A Concept for Preoperative and Intraoperative Molecular Imaging and Detection for Assessing Extent of Disease of Solid Tumors

Abstract

The authors propose a concept of “systems engineering,” the approach to assessing the extent of diseased tissue (EODT) in solid tumors. We modeled the proof of this concept based on our clinical experience with colorectal carcinoma (CRC) and gastrinoma that included short and long-term survival data of CRC patients. This concept, applicable to various solid tumors, combines resources from surgery, nuclear medicine, radiology, pathology, and oncology needed for preoperative and intraoperative assessments of a patient’s EODT. The concept begins with a patient presenting with biopsy-proven cancer.
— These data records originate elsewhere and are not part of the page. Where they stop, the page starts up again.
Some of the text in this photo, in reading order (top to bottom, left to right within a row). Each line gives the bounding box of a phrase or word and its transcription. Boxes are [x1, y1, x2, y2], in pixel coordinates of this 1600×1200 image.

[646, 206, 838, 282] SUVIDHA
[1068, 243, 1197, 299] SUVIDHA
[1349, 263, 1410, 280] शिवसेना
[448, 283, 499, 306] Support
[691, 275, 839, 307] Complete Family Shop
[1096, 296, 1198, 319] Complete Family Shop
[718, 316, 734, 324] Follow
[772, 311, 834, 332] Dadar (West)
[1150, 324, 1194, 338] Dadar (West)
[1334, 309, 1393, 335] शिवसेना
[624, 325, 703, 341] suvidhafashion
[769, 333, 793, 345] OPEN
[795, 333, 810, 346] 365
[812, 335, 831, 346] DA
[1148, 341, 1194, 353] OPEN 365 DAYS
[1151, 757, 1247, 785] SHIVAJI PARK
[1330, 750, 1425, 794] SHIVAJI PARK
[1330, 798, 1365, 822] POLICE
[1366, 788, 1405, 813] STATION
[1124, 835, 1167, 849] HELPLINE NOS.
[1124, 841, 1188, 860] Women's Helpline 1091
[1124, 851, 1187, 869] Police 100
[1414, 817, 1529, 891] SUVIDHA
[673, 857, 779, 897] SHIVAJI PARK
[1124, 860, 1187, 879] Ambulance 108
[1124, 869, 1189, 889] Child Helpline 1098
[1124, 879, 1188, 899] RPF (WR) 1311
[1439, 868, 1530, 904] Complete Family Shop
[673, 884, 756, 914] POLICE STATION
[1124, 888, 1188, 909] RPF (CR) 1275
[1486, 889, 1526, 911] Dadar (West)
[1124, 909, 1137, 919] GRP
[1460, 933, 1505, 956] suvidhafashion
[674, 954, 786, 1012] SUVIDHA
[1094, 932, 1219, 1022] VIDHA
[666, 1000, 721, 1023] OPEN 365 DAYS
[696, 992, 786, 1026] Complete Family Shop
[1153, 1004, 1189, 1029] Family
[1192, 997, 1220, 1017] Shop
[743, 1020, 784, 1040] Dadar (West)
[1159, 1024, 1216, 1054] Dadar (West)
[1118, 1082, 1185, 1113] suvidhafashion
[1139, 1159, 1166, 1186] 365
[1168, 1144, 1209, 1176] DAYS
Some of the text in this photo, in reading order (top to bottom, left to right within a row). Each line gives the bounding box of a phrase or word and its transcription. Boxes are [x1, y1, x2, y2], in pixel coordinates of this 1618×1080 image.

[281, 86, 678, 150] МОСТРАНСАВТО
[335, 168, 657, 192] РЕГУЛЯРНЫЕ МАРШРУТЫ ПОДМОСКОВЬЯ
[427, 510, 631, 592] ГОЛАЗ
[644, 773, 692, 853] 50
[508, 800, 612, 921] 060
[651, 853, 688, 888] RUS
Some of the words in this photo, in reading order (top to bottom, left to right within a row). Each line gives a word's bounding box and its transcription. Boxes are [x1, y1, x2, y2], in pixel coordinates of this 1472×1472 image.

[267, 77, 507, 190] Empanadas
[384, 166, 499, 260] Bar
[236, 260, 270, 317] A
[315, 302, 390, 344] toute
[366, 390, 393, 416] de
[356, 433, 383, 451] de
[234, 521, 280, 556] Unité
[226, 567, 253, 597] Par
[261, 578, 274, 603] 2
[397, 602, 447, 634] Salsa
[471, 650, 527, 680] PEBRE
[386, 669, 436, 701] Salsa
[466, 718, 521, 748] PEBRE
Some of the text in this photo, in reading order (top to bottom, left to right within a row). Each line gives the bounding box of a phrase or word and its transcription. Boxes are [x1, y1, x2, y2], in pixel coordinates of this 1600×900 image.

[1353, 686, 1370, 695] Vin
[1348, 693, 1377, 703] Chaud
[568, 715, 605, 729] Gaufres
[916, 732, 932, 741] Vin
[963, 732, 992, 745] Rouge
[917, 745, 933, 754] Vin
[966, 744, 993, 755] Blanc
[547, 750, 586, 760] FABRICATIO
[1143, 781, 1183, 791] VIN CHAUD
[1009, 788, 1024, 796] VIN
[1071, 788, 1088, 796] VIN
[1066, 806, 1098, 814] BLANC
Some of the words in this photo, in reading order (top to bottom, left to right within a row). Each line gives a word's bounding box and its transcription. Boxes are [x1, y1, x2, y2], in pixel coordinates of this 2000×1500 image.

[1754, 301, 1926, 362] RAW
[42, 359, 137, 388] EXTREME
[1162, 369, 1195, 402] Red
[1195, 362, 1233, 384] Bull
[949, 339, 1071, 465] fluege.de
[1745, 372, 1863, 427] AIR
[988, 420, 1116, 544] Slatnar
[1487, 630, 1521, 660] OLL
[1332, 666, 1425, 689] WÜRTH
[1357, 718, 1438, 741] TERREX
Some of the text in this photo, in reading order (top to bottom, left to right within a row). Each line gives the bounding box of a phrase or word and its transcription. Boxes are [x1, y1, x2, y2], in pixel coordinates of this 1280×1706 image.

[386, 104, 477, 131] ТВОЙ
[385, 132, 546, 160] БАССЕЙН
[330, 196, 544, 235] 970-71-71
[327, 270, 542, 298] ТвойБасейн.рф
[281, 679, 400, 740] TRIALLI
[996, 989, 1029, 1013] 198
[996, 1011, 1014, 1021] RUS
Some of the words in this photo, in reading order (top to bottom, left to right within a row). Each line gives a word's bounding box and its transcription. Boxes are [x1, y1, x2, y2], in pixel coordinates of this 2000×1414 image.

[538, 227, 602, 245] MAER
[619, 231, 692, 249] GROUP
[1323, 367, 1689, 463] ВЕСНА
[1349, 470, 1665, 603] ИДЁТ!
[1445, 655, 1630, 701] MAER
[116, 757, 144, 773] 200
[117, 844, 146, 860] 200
An appropriate preferential locator (PL) is a molecule that preferentially binds to a cancer-related molecular target (i.e., tumor marker) lacking in non-malignant tissue and is the essential element. Detecting the PL after an intravenous injection requires the PL labeling with an appropriate tracer radionuclide, a fluoroprobe, or both. Preoperative imaging of the tracer’s signal requires molecular imaging modalities alone or in combination with computerized tomography (CT). These include positron emission tomography (PET), PET/CT, single-photon emission computed tomography (SPECT), SPECT/CT for preoperative imaging, gamma cameras for intraoperative imaging, and gamma-detecting probes for precise localization. Similarly, fluorescent-labeled PLs require appropriate cameras and probes. This approach provides the surgeon with real-time information needed for R0 resection.